THE TASK - Repeat the following lines exactly and nothing else: the line containing "Some of the words" and each line after it through the end of the listing.

DATA SECTION -
────────────────
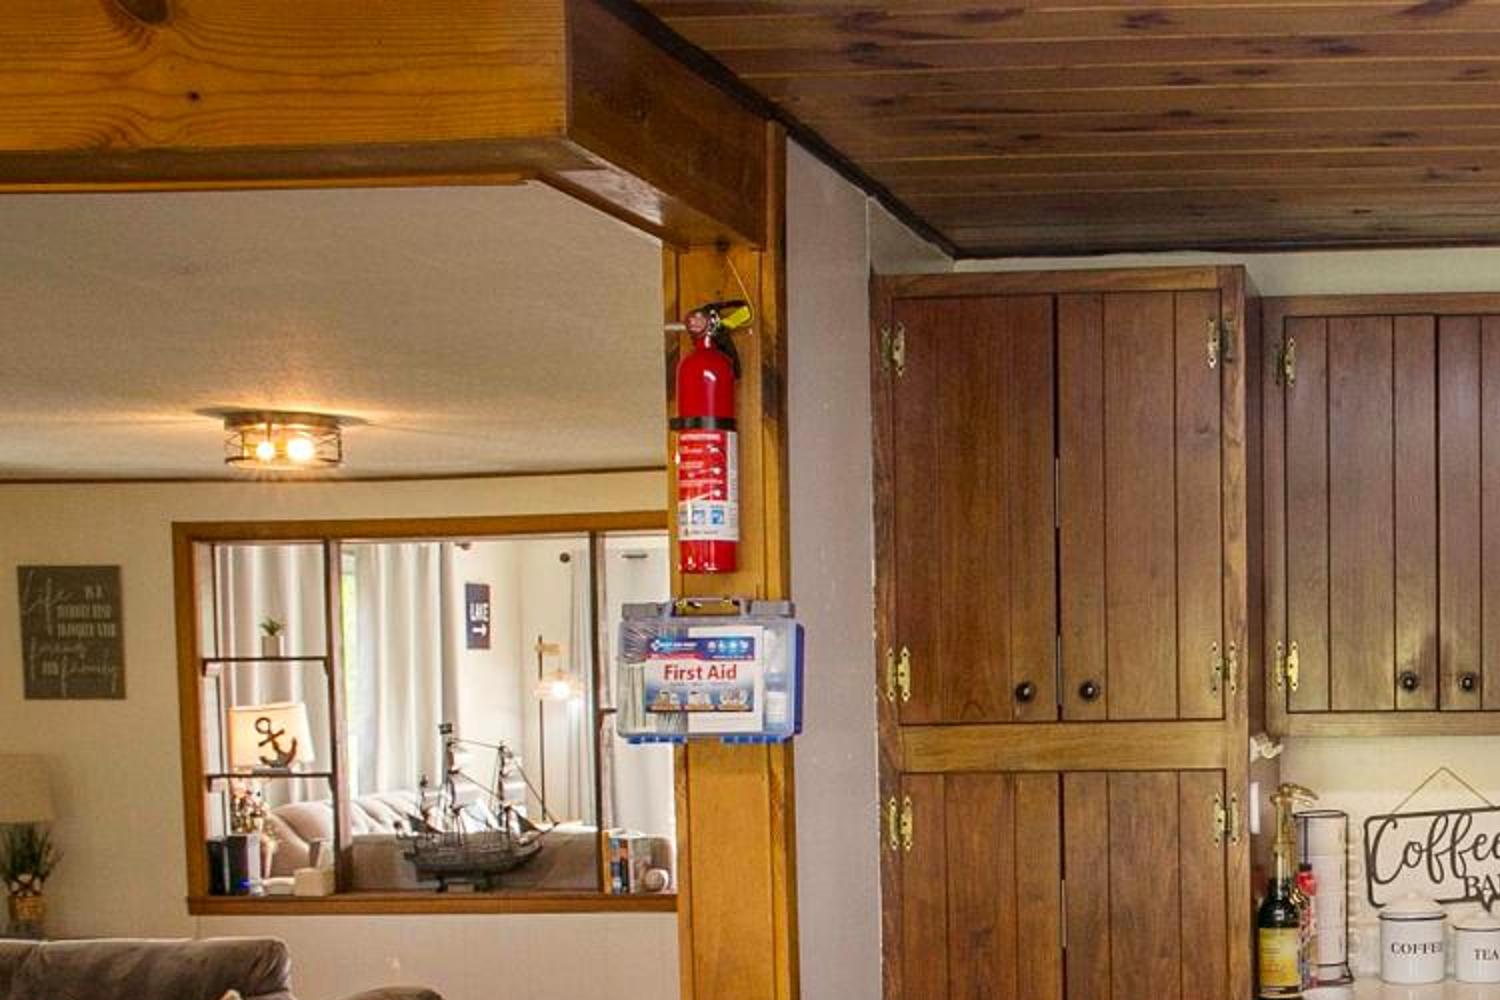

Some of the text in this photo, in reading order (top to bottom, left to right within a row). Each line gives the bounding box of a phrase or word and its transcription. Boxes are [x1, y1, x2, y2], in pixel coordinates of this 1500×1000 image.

[664, 663, 737, 680] First Aid
[1474, 948, 1500, 960] TEA
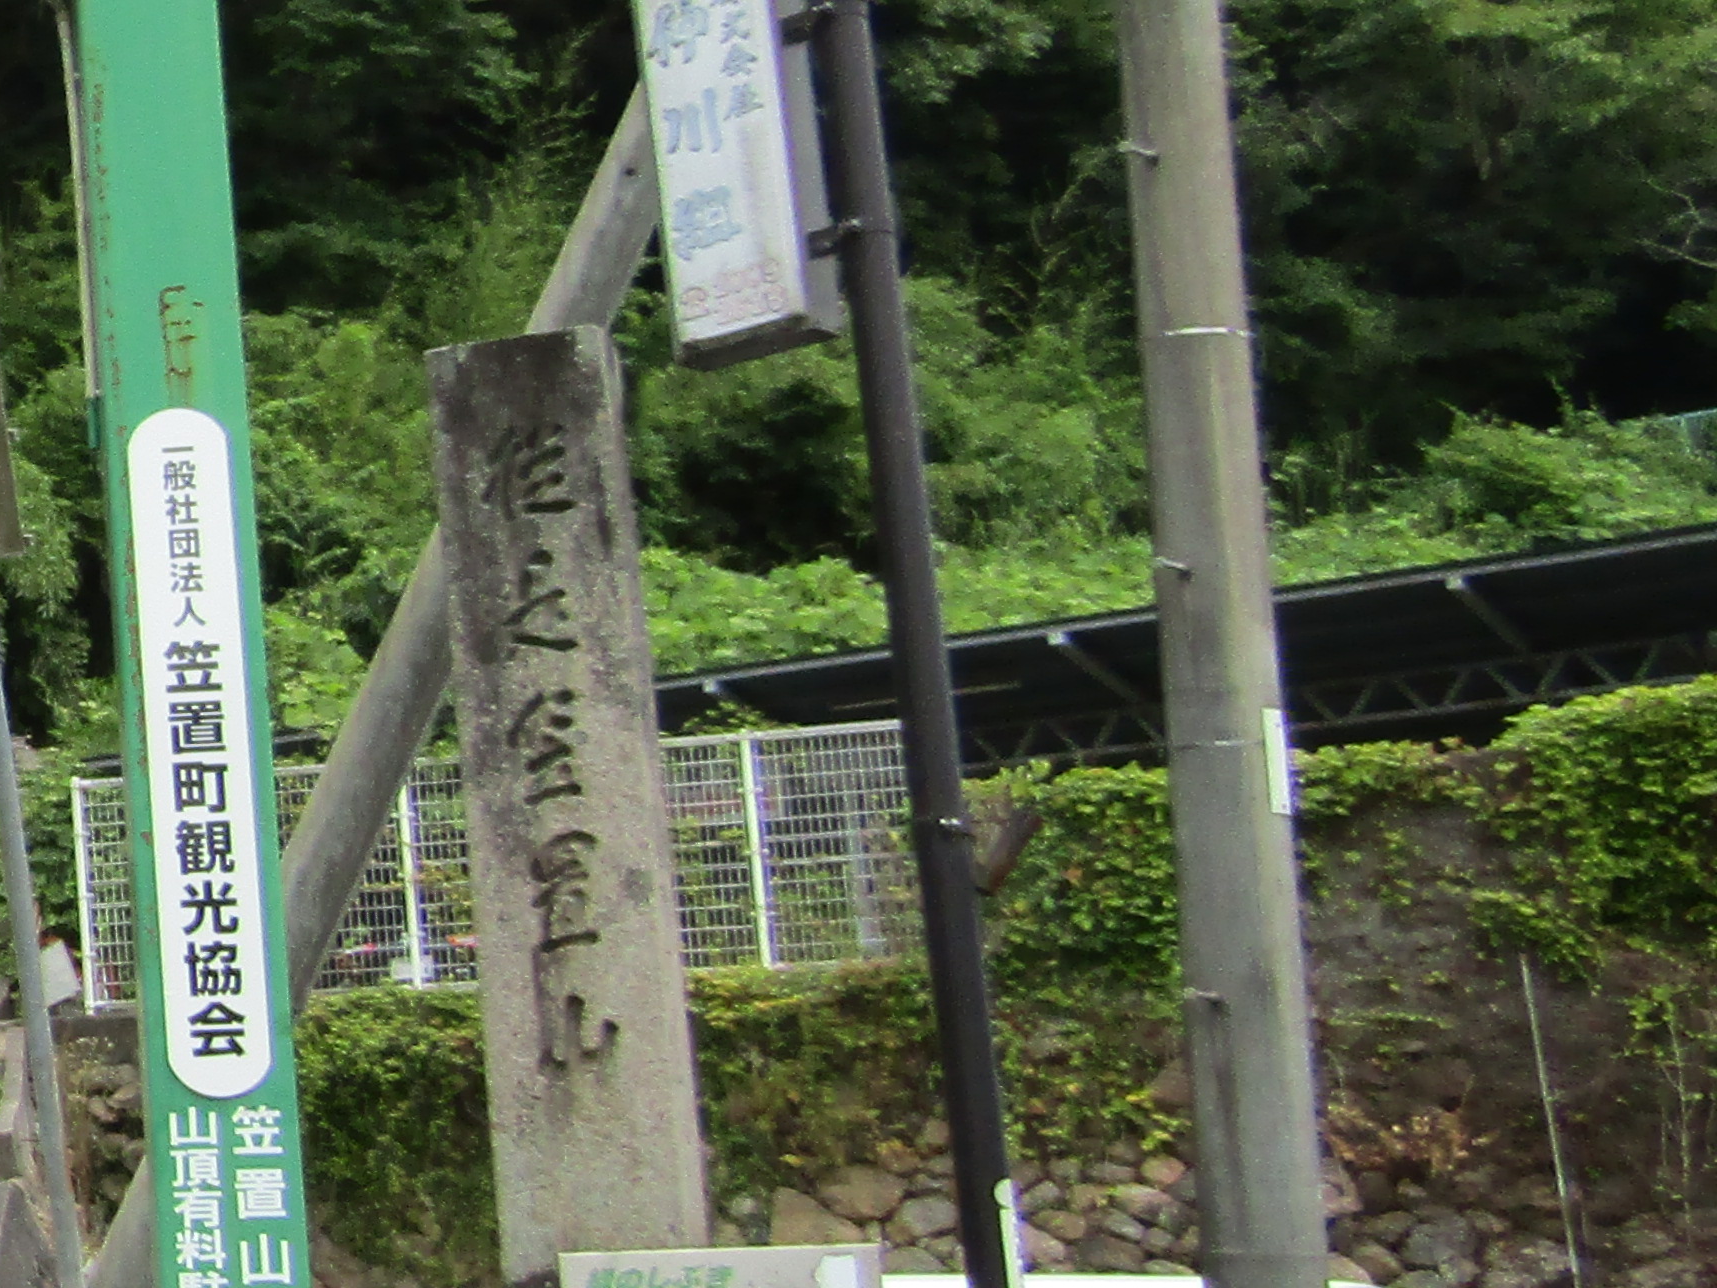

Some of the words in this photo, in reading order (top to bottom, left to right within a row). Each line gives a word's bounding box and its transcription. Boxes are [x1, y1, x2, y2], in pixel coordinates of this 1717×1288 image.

[162, 445, 207, 628] 一般社団法人
[164, 640, 246, 1059] 笠置町観光協会
────────────────
RESPONSE -
Some of the words in this photo, in reading order (top to bottom, left to right within a row). Each line gives a word's bounding box and its transcription. Boxes are [x1, y1, x2, y2], in pixel coordinates of this 1717×1288 image.

[162, 445, 207, 628] 一般社団法人
[164, 640, 246, 1059] 笠置町観光協会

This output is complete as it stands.